Bank robberies and bank robbers in crime fiction are nothing new. A dime a dozen, if you excuse the pun. Usually males, masked and screaming, brandishing an assortment of lethal-looking guns menacingly in the air, or in the faces of terrified bank customers and tellers.
We’ve seen/read it all. Right? Wrong.
In what has to be one of the most original and suspenseful openings in a psychological crime thriller, Swedish bestselling author, Jenny Rogneby’s debut novel, (Part One in a three-part series) Leona: The Die Is Cast, turns all thrillers on their heads, and rips to shreds all previously written rules on the genre.

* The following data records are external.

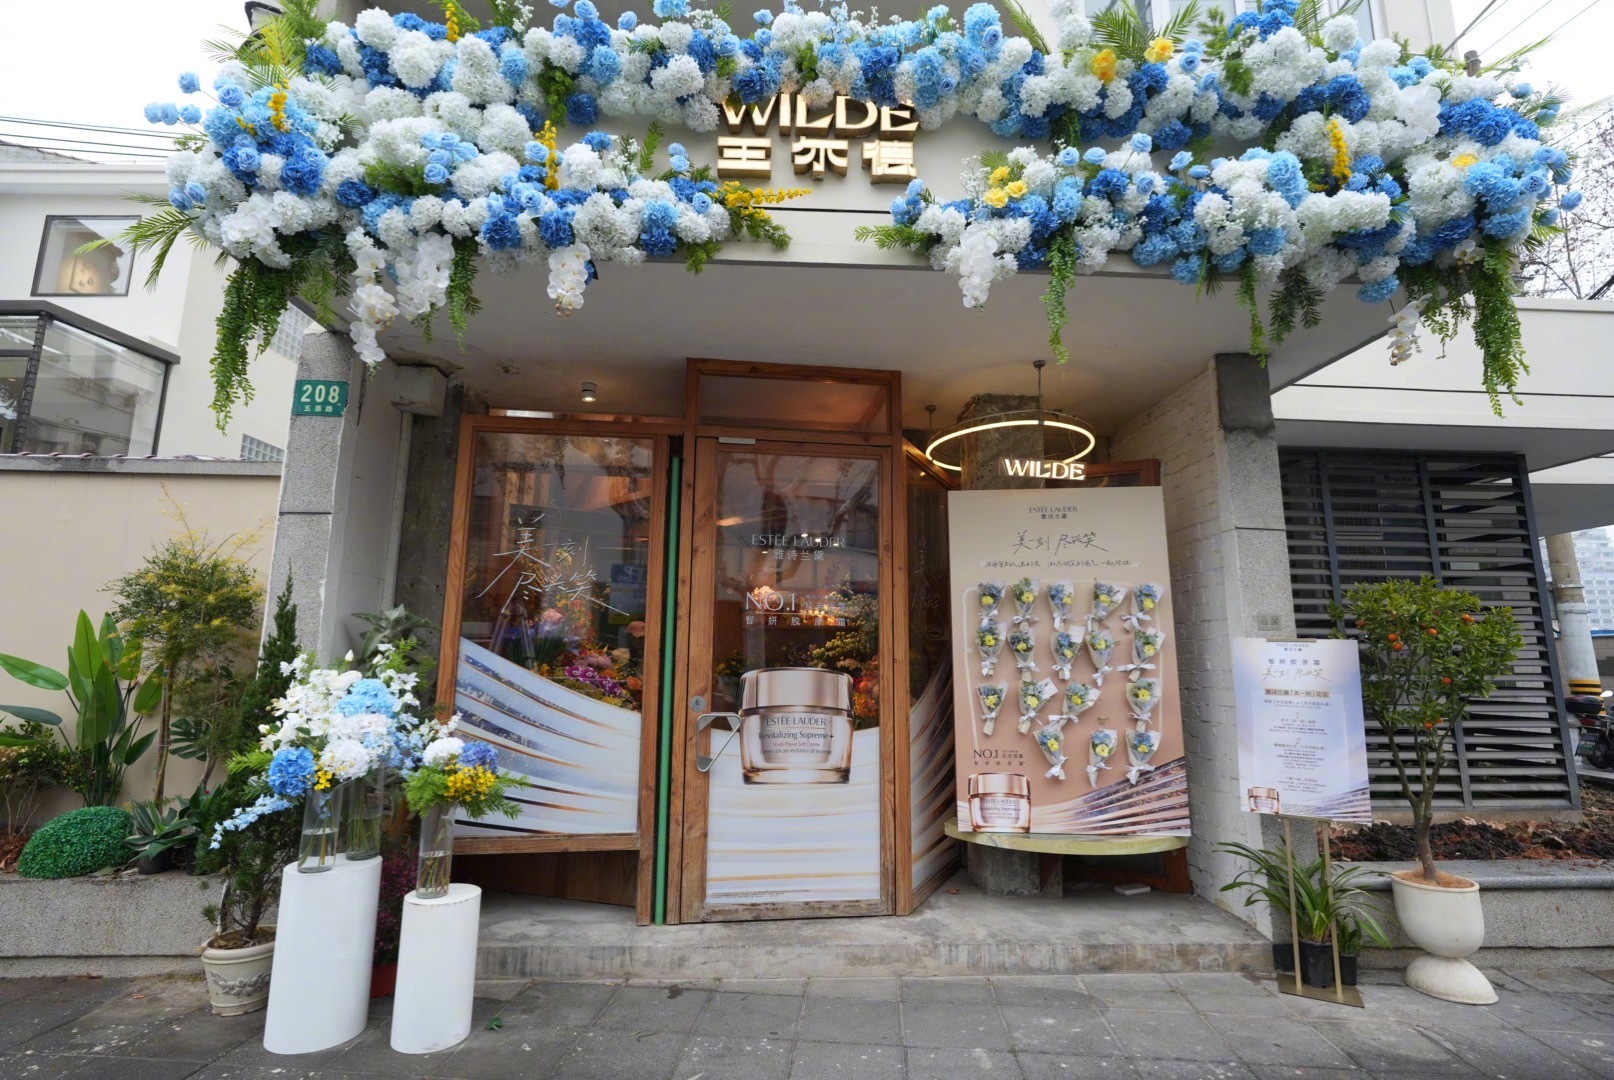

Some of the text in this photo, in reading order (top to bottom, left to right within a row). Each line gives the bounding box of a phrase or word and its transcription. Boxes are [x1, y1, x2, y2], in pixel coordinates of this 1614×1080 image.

[721, 93, 919, 138] WILDE
[717, 136, 917, 181] 王尔德
[300, 384, 340, 403] 208
[1004, 458, 1086, 481] WILDE
[793, 535, 847, 549] LAUDER
[773, 549, 825, 561] 雅诗兰黛
[746, 591, 796, 611] NO.1
[793, 717, 827, 726] LAUDER
[759, 730, 798, 740] Revitalizing
[973, 749, 999, 759] NO.1

A naked and bloody seven-year-old girl walks into a bank in central Stockholm, Sweden, clutching a grubby teddy bear. She plays a threatening recording, demanding money from the bank tellers. No one dares intervene after hearing the message, chiefly because they fear the girl may be harmed, perhaps killed, if they do. The child leaves the bank with millions and disappears without leaving a trace of evidence, all done in broad daylight.

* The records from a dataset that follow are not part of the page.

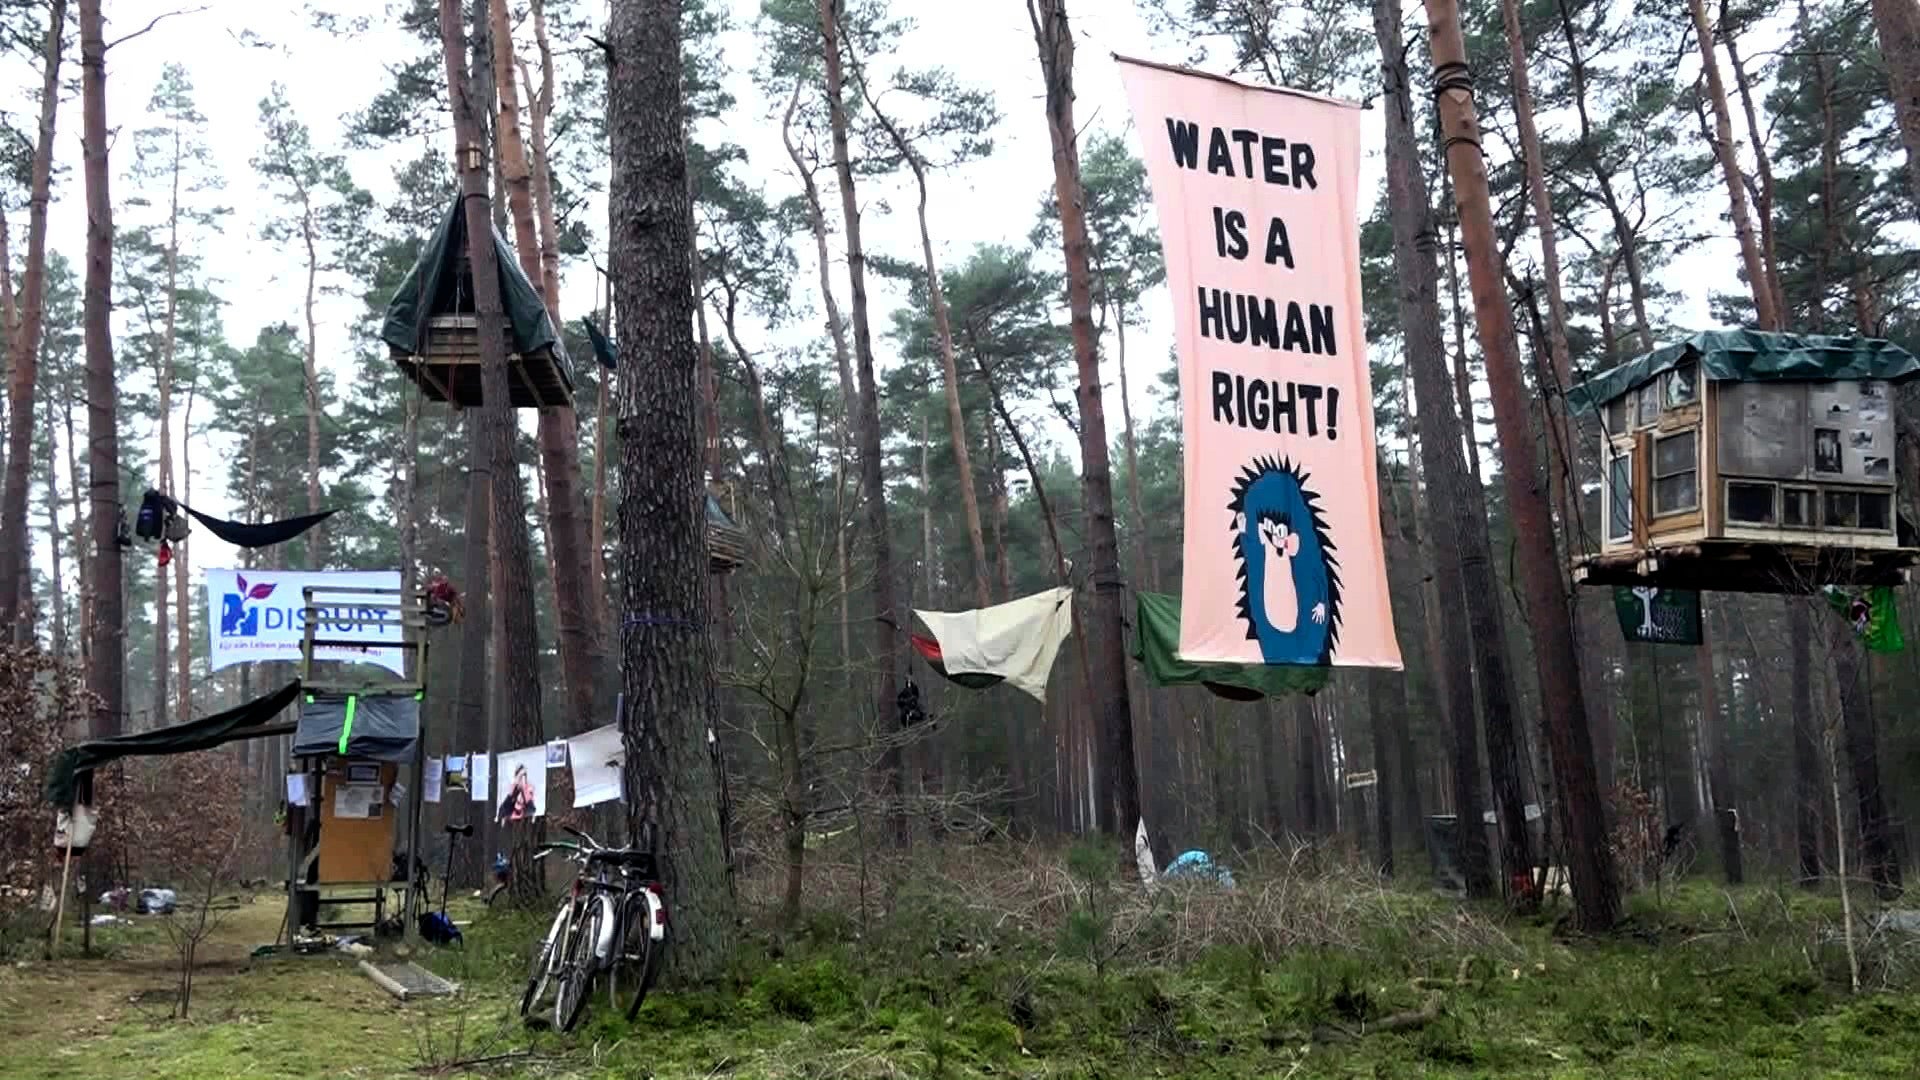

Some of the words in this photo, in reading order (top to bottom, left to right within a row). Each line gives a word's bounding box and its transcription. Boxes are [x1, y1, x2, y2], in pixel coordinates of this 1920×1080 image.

[1165, 117, 1318, 190] WATER
[1213, 206, 1249, 260] IS
[1265, 217, 1295, 269] A
[1198, 286, 1337, 356] HUMAN
[1212, 371, 1340, 440] RIGHT!
[265, 607, 388, 633] DISRUPT

This daring robbery is trusted to investigator Leona Lindberg of Stockholm’s elite VCD (Violent Crimes Division). With a long and distinguished history in the police force, she seems to be the natural candidate to lead the investigation. If anyone can solve these baffling robberies, she can. At least that’s what her overbearing boss, Superintendent Claes Zetterlund, is hoping for, despite the fact he keeps forcing Leona to work with—what she regards to be—inferior staff.
But unbeknown to Zetterlund, Leona is struggling with numerous personal issues, least of all a troubled marriage that could jeopardize the entire investigation. As she progresses forward, something is clearly amiss, and her behavior becomes slightly askew, to say the least. For instance: Why is she ignoring witness statements and calling in suspects on the barest thread of suspicion?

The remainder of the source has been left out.